Jim Wolk, a tree grower from Sugarloaf, worries about the 50 species of trees he grows on a thousand acres of land.
His concern is the unseasonably mild weather and what it may mean.
"We may have more bugs this year because we didn't have the have the hard freeze, so we're going to have to keep an eye on the ground and the bugs coming out. There might be more spraying on the trees this year," said Wolk.
His concerns are more than just bugs.
Some of the trees are beginning to form buds because of the warm temperatures. A freeze could cripple the crop.

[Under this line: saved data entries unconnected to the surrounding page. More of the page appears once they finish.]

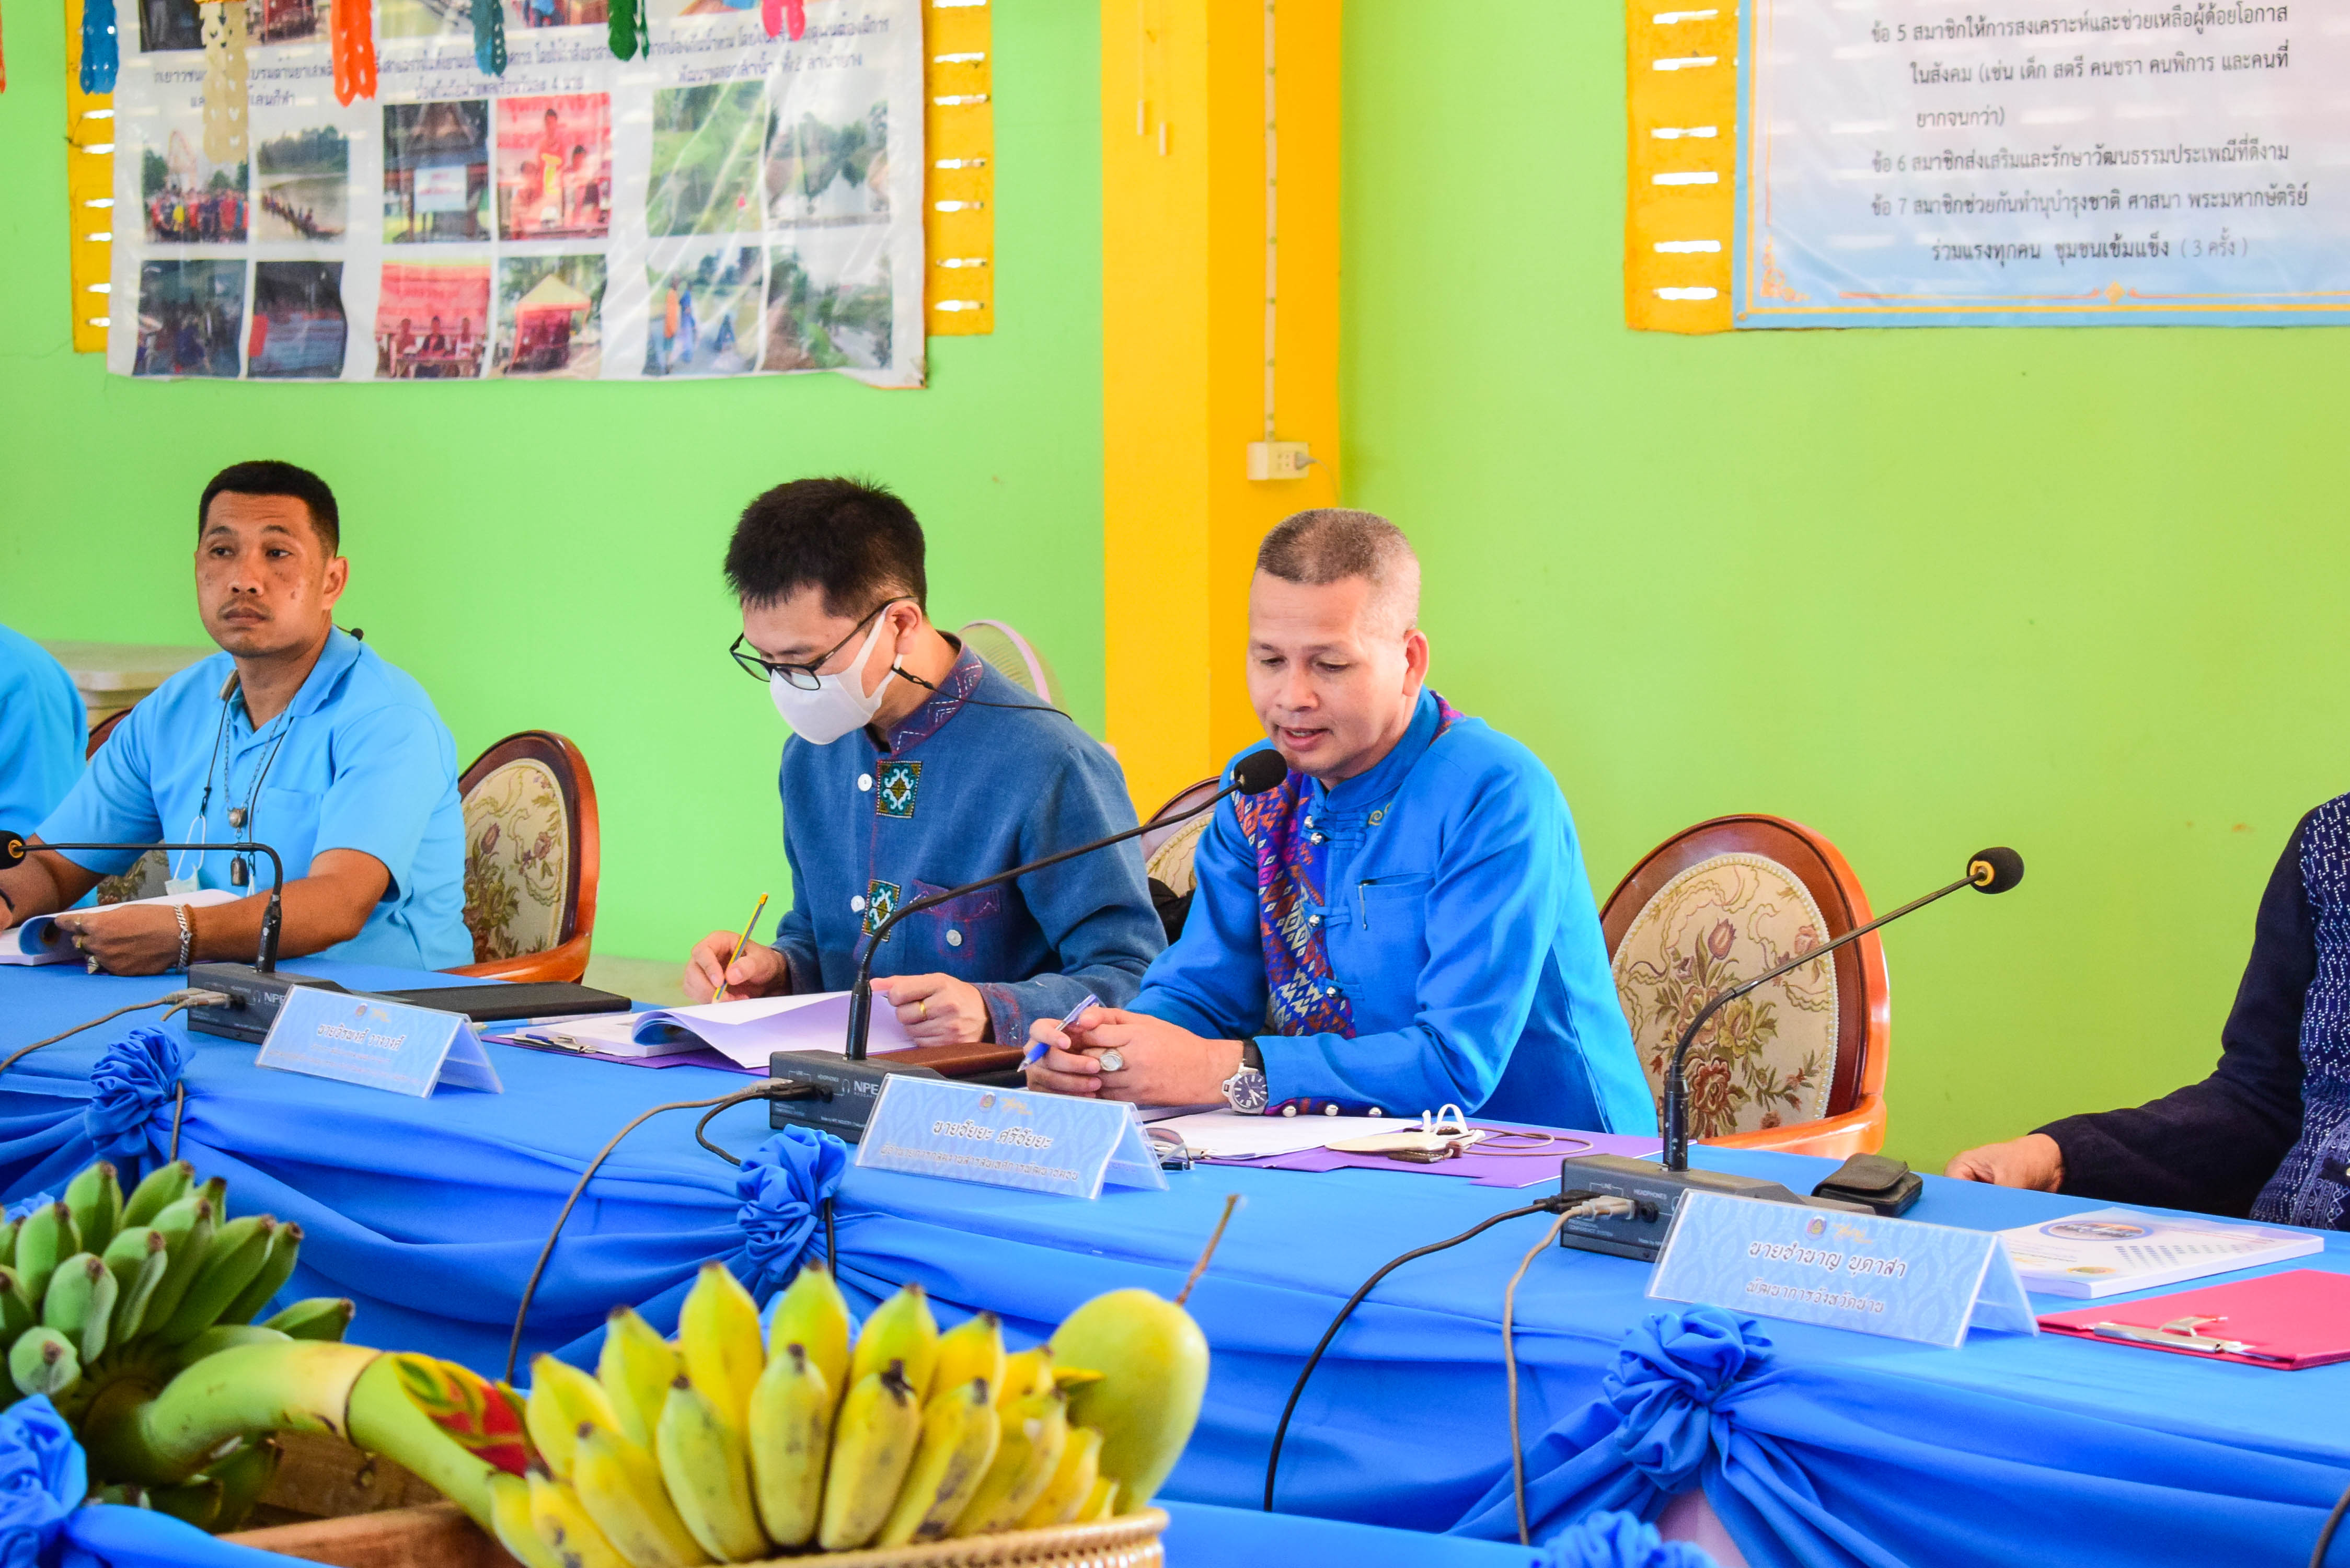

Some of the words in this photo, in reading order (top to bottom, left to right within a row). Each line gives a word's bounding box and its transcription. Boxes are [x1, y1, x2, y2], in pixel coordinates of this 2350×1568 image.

[1871, 19, 1890, 43] ข้อ
[1897, 24, 1906, 42] 5
[1909, 61, 1972, 84] ในสังคม
[2020, 55, 2047, 80] เด็ก
[2053, 54, 2084, 78] สตรี
[2090, 59, 2142, 77] คนชรา
[2150, 51, 2215, 74] คนพิการ
[2221, 39, 2289, 71] และคนที่
[1917, 105, 2006, 128] ยากจนกว่า)
[1871, 149, 1892, 172] ข้อ
[1898, 154, 1906, 171] 6
[1871, 193, 1891, 216] ข้อ
[1898, 198, 1907, 214] 7
[2128, 192, 2181, 209] ศาสนา
[2188, 182, 2309, 207] พระมหากษัตริย์
[1933, 238, 2041, 268] ร่วมแรงทุกคน
[2055, 230, 2169, 267] ชุมชนเข้มแข็ง
[2193, 240, 2202, 257] 3
[2208, 226, 2236, 257] ครั้ง
[854, 1080, 879, 1095] NPE
[1749, 1242, 1842, 1271] นายชำนาญ
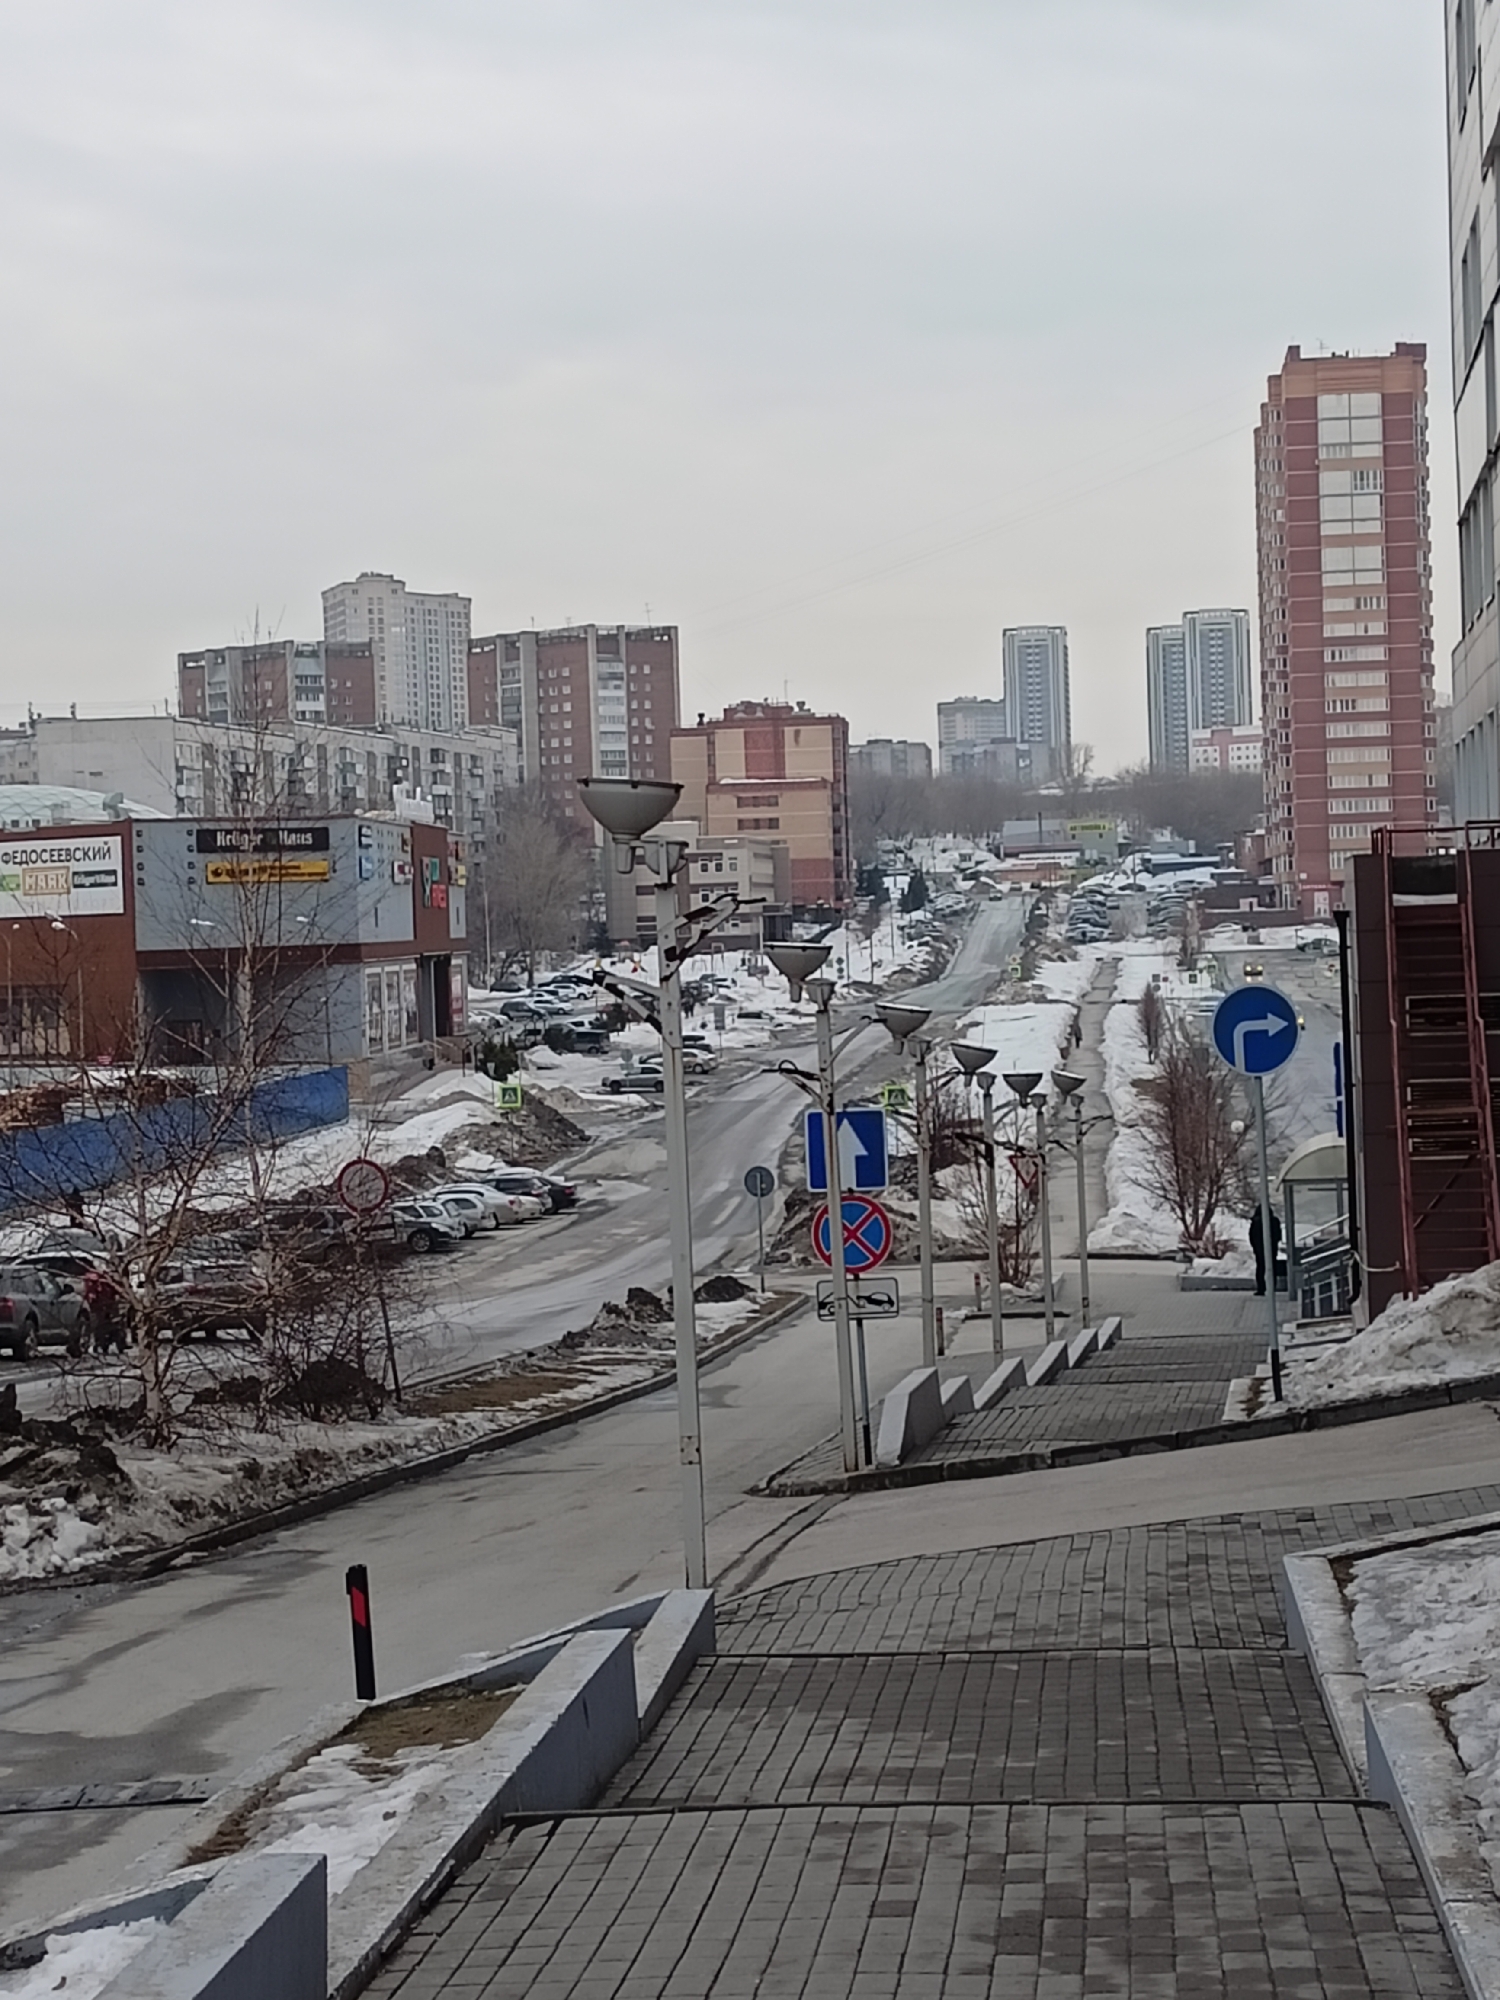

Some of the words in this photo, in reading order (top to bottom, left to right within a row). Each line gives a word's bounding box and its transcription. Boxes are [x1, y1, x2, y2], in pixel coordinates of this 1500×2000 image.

[278, 829, 314, 846] Haus
[1, 840, 112, 866] ФЕДОСЕЕВСКИЙ
[25, 873, 68, 891] МАЯК

"It could freeze the buds on the trees. It could damage the trees and they wouldn't be sellable, we wouldn't be able to sell them until they recover, if they do recover," Wolk said.
At nearby Heller Orchards near Nescopeck they grow trees and sell the fruit the trees produce.
The Hellers are also concerned what a freeze would do to their crop.
"The idea is to promote new growth all the time. Our fruit trees think its April first. We have a ways to go before we are in safe conditions as far as temperature wise goes, night time temperatures," Heller said.
Greg Heller said his concerns are shared by fruit and tree growers all over our area.